## [Problem details]
Please give back each line below unchanged; none of the pictures should appear.

## [Recorded data]
========

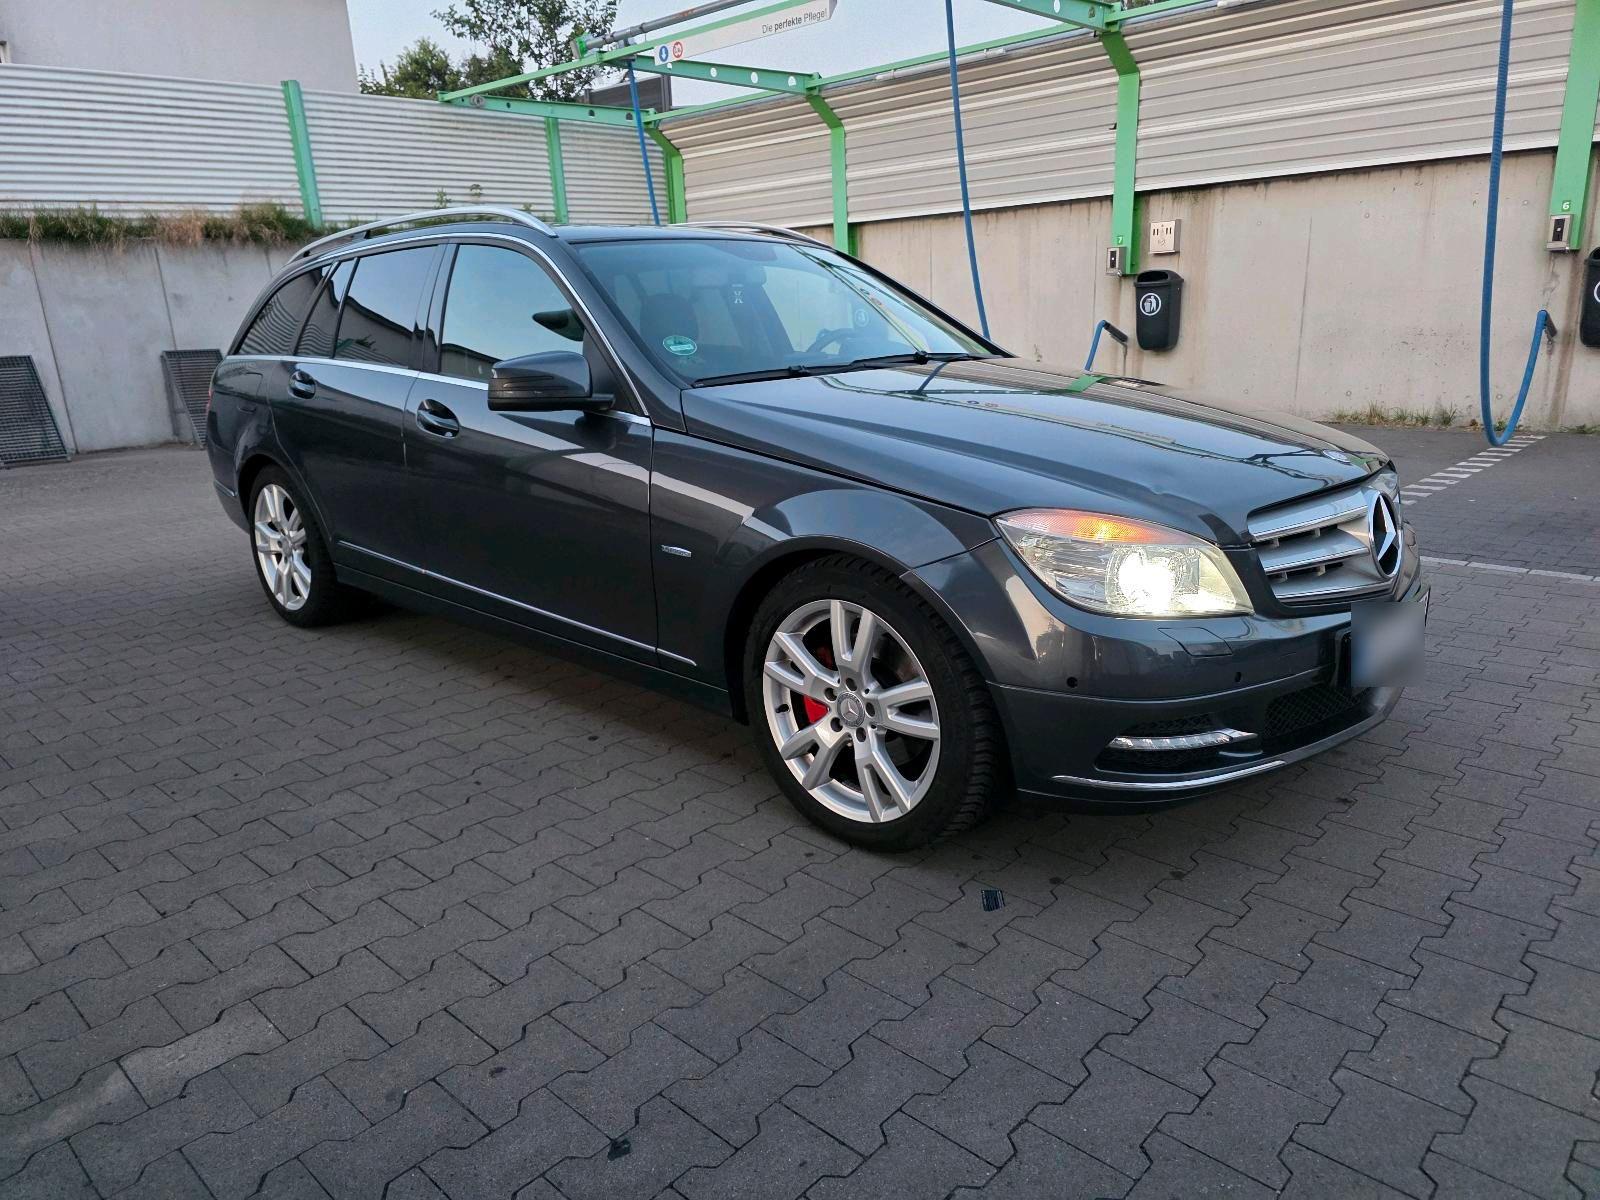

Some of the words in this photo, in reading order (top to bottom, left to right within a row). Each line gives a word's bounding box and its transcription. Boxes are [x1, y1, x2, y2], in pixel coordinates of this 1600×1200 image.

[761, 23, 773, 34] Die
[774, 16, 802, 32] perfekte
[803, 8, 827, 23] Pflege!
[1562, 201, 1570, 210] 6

========

## [Result of this task]
Some of the words in this photo, in reading order (top to bottom, left to right within a row). Each line gives a word's bounding box and its transcription. Boxes are [x1, y1, x2, y2], in pixel coordinates of this 1600×1200 image.

[761, 23, 773, 34] Die
[774, 16, 802, 32] perfekte
[803, 8, 827, 23] Pflege!
[1562, 201, 1570, 210] 6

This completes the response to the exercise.